Versatile enzymatic system for the production of guanosine polyphosphates

Abstract

During periods of environmental stress, bacteria synthesize guanosine tetraphosphate (ppGpp, magic spot I) and guanosine pentaphosphate (pppGpp, magic spot II) in a process known as the stringent response. These intracellular allarmone molecules ‘reprogramme’ the transcriptional and translational machinery to help the cell conserve scarce resources. Existing methods for the production of guanosine polyphosphates are either technically difficult or inefficient, hindering investigations into their biological roles. We have developed a simple and efficient one-step enzymatic method for the production of guanosine polyphosphates using a recombinant protein cloned from Staphylococcus aureus.

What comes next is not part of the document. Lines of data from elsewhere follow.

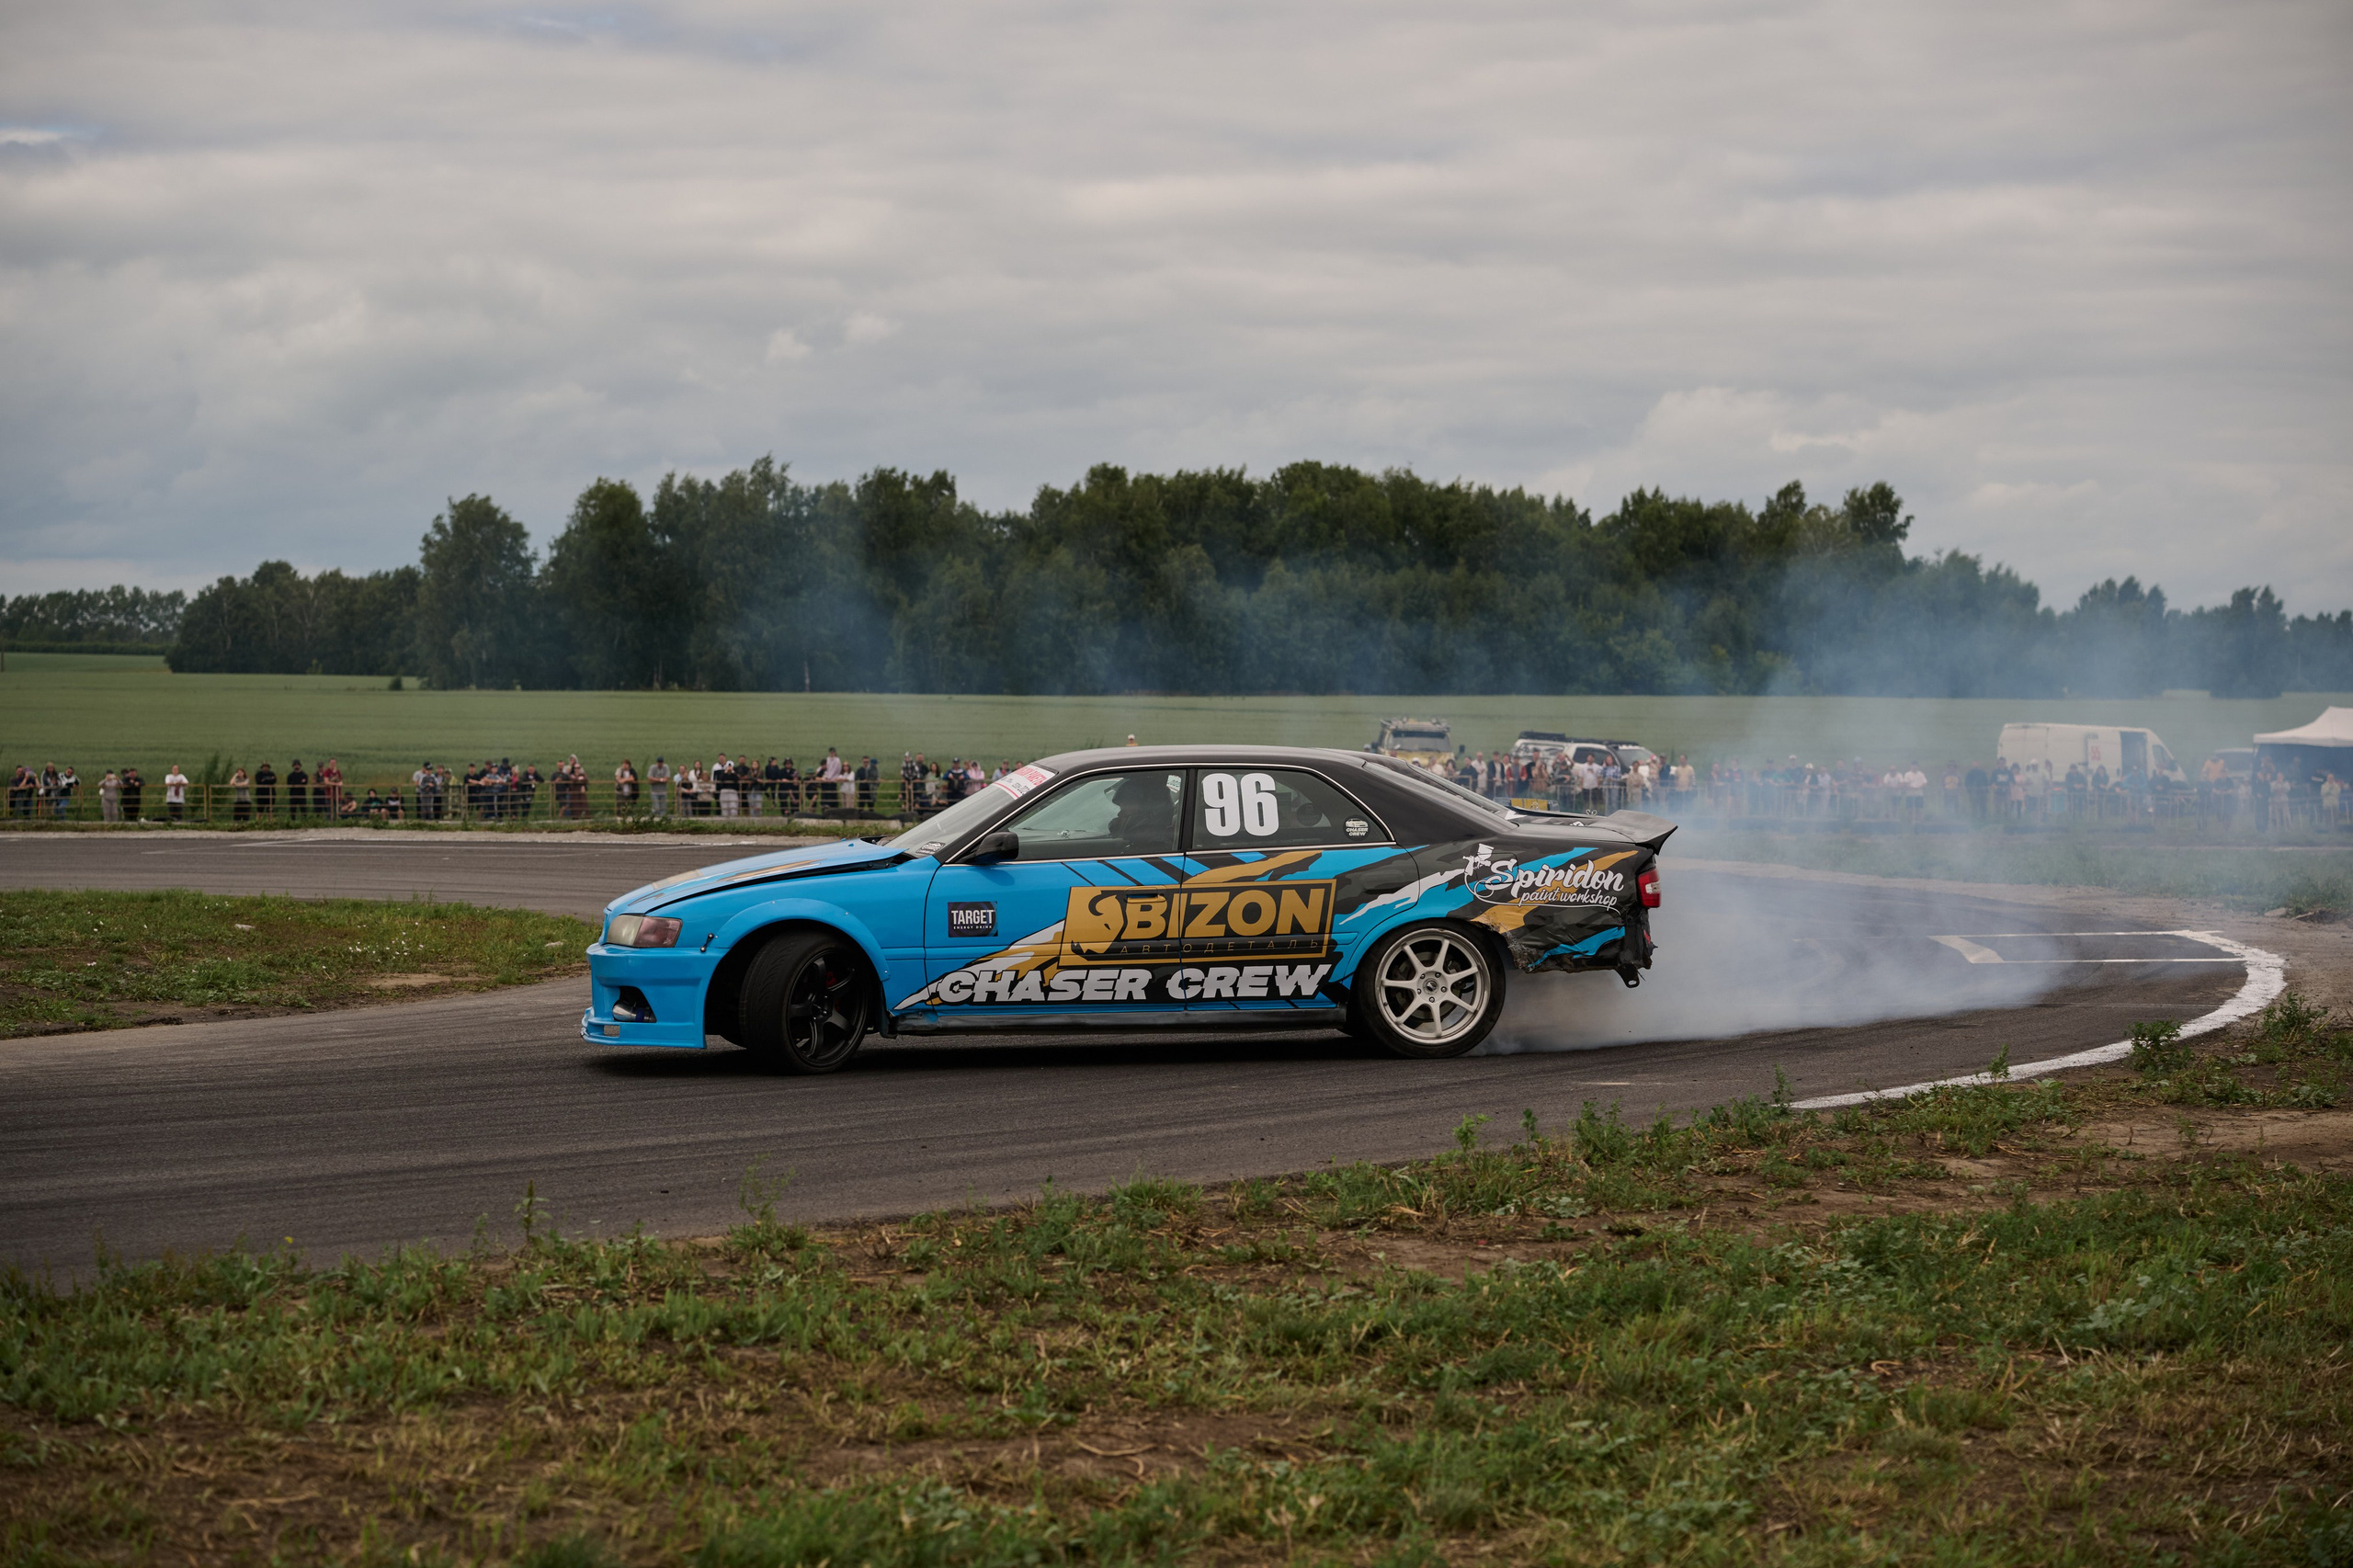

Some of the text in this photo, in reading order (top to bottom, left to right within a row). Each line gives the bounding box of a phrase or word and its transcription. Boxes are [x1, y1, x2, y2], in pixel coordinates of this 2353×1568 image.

[1201, 773, 1279, 836] 96
[1484, 858, 1624, 898] Spiridon
[951, 910, 994, 925] TARGET
[1120, 888, 1325, 940] BIZON
[1519, 887, 1618, 911] paint workshop
[1120, 938, 1319, 955] АВТОДЕТАЛЬ
[938, 964, 1333, 1003] CHASER CREW

The purified enzyme efficiently catalyses the formation of pppGpp (and AMP) from GTP + ATP; and ppGpp (and AMP) from GDP + ATP. Notably, it also catalyses the synthesis of pGpp (guanosine 5’-monophosphate 3’-diphosphate, and AMP) from GMP + ATP; albeit with reduced efficiency. The reverse reactions are not catalysed, leading to high conversion rates. Guanosine polyphosphate products can be obtained in a homogeneous form using a combination of anion exchange chromatography followed by desalting. Our approach can be used to produce guanosine polyphosphates on a multi-milligram scale. Furthermore, our results also suggest that a third ‘magic spot’ allarmone may be formed within certain bacterial species.